Analysis and suppression of magnetic noise of cylindrical nanocrystalline shield in atomic sensors

Magnetic field interference poses a major challenge to the proper functioning of electronic equipment, electronic instruments and ultra-sensitive sensors, so magnetic field shield is a vital component. Particularly for ultra-sensitive atomic sensors, there is a pressing need for magnetic shields with superior performance and reduced magnetic noise. This paper introduces the application of nanocrystalline alloy magnetic shields in ultra -sensitive atomic sensors. We have analyzed the calculation of the longitudinal and transverse magnetic noise of nanocrystalline magnetic shields using a loss separation based approach and establish a magnetic noise model for nanocrystalline alloy magnetic shields.
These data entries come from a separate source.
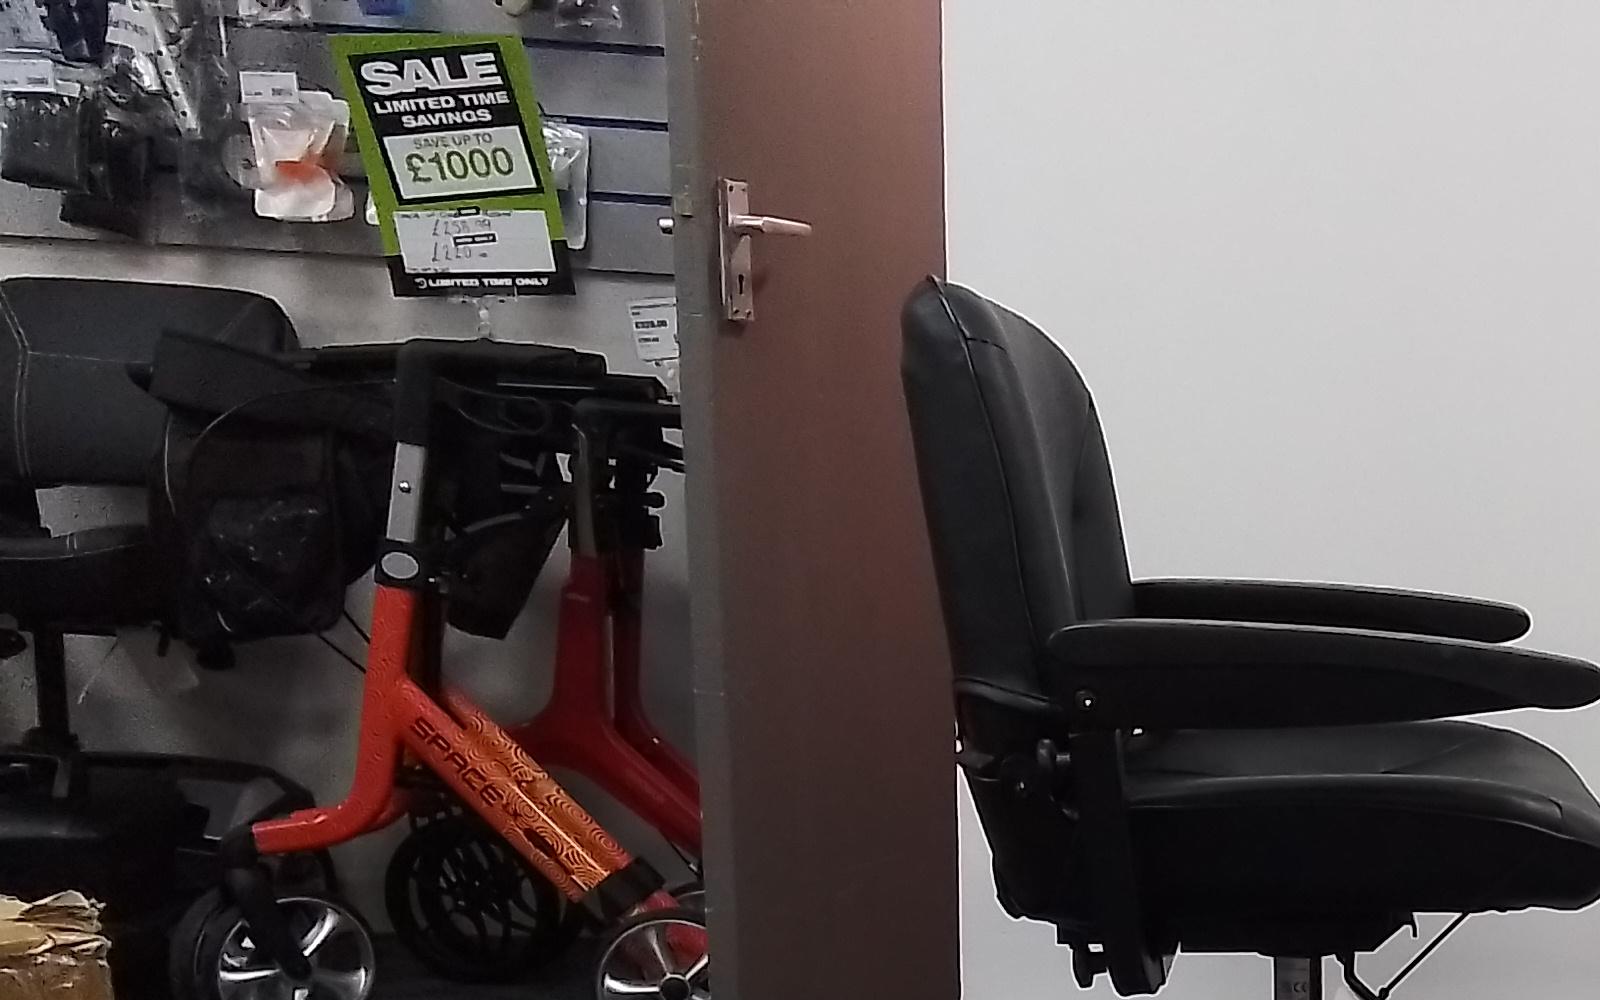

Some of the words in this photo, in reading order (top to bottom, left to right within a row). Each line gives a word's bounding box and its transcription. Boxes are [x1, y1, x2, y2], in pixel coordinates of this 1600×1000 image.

[360, 52, 504, 96] SALE
[374, 96, 455, 114] LIMITED
[459, 91, 510, 106] TIME
[401, 108, 492, 128] SAVINGS
[413, 135, 449, 150] SAVE
[452, 135, 472, 148] UP
[475, 133, 493, 145] TO
[405, 147, 514, 183] £1000
[428, 277, 480, 287] LIMITED
[481, 277, 512, 287] TIME
[515, 276, 549, 286] ONLY
[410, 716, 504, 808] SPACE
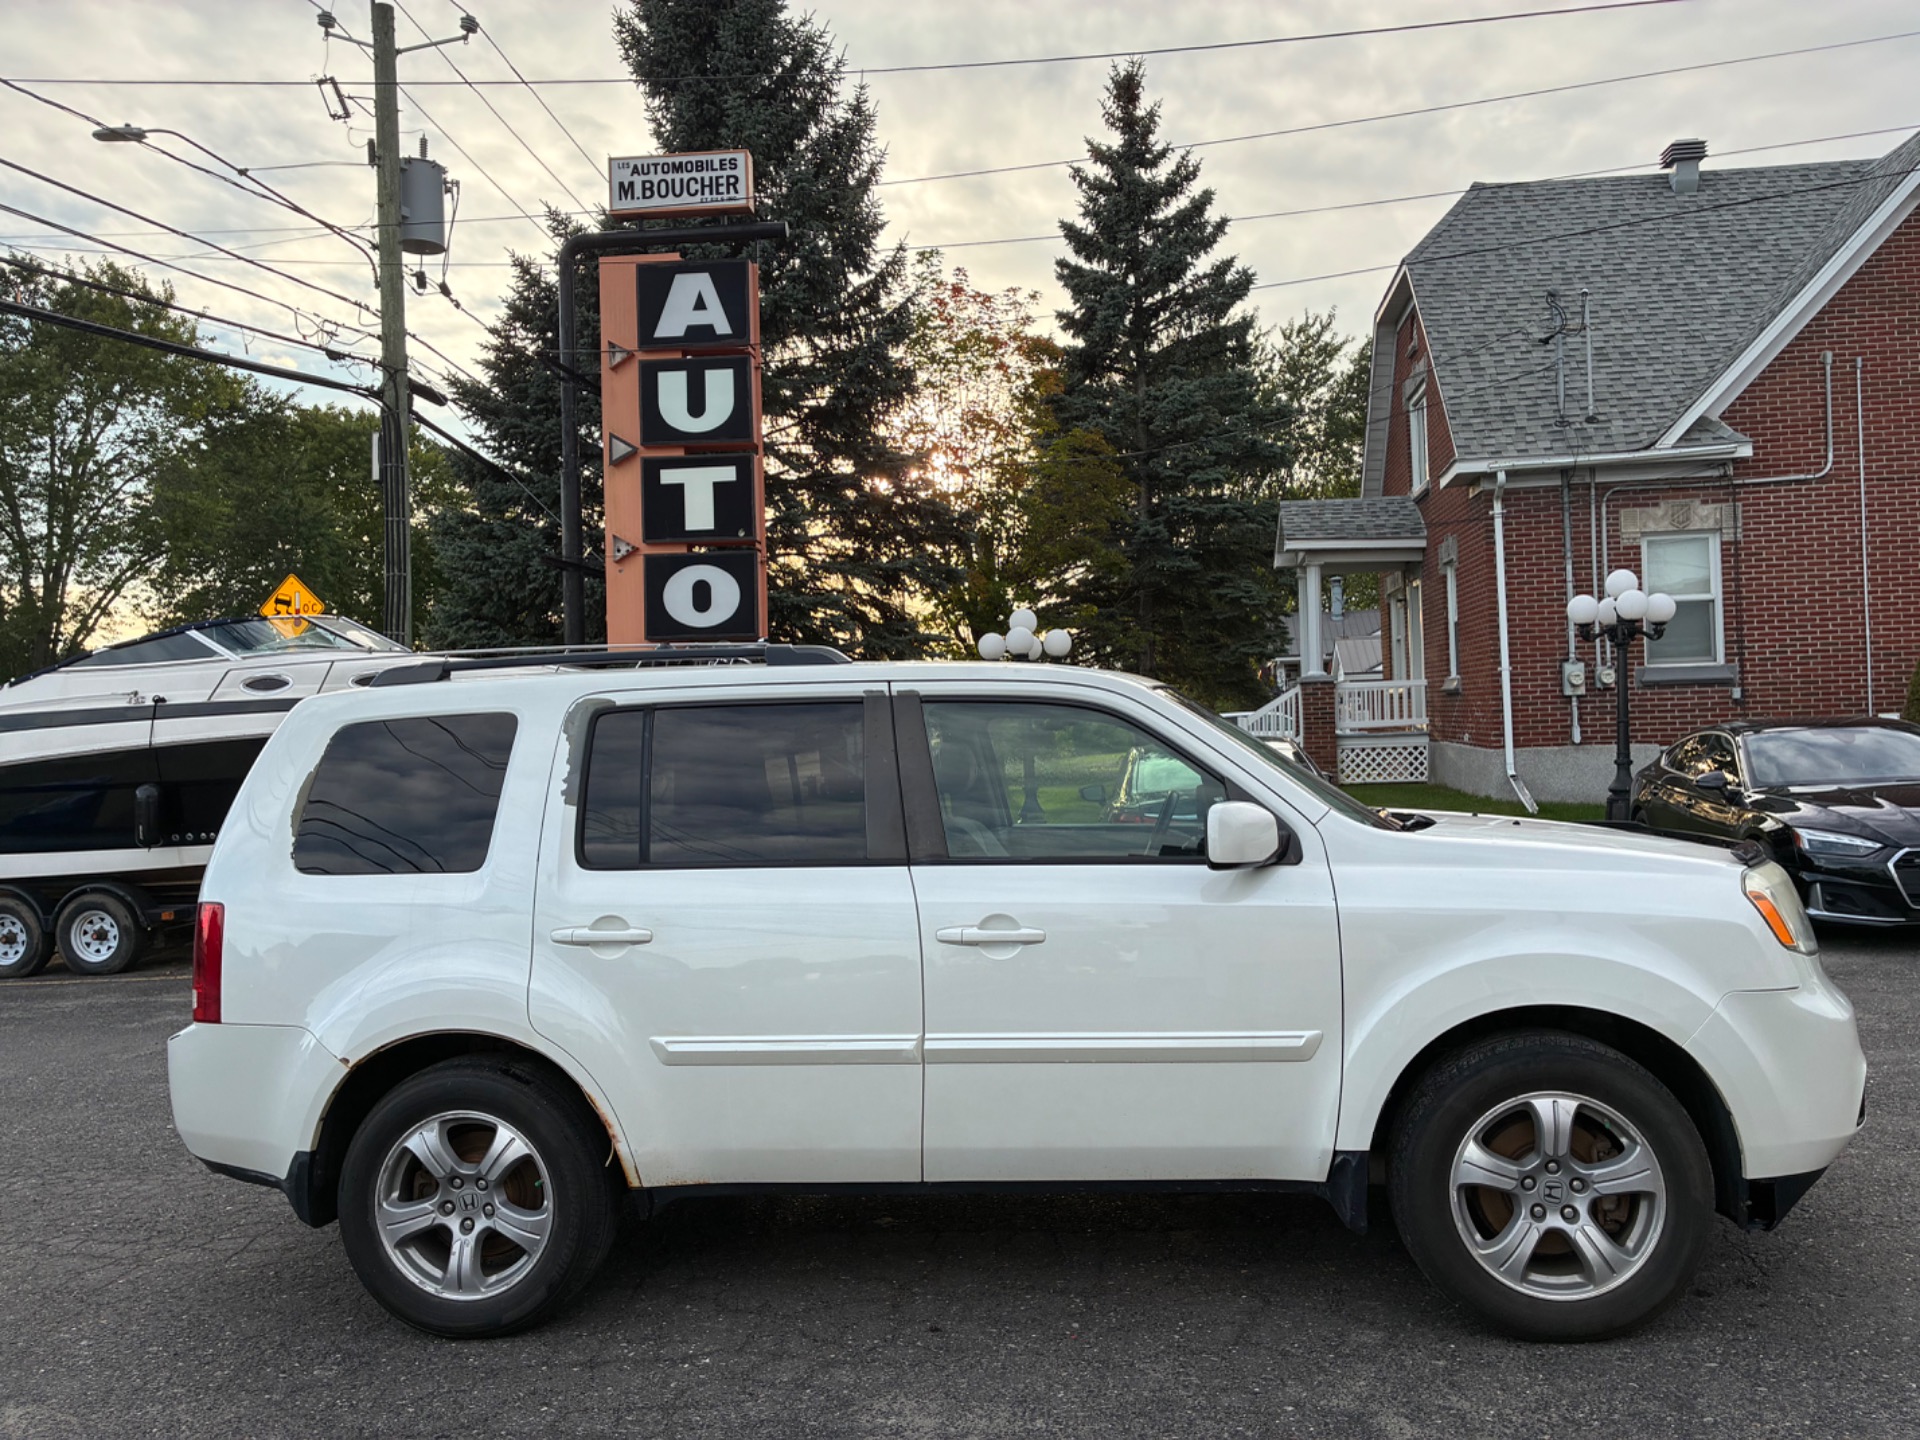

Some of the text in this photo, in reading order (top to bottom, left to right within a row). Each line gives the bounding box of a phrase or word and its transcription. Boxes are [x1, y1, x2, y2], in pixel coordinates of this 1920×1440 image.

Meanwhile, we investigate the impact of structural parameters on longitudinal and transverse magnetic noise to effectively minimize magnetic noise in the shield. Additionally, we present an error model for magnetic noise, providing valuable theoretical support for mitigating magnetic noise errors in K-Rb-21Ne SERF co-magnetometers. This study contributes to the advancement of magnetic shield technology for ultra-sensitive atomic sensors, improving their overall performance and accuracy.

Automated summary

This paper introduces the application of nanocrystalline alloy magnetic shields in ultra-sensitive atomic sensors. The calculation and modeling of magnetic noise, as well as the impact of structural parameters on magnetic noise, are analyzed. An error model for magnetic noise is also presented, providing valuable theoretical support for reducing magnetic noise and improving the performance of atomic sensors.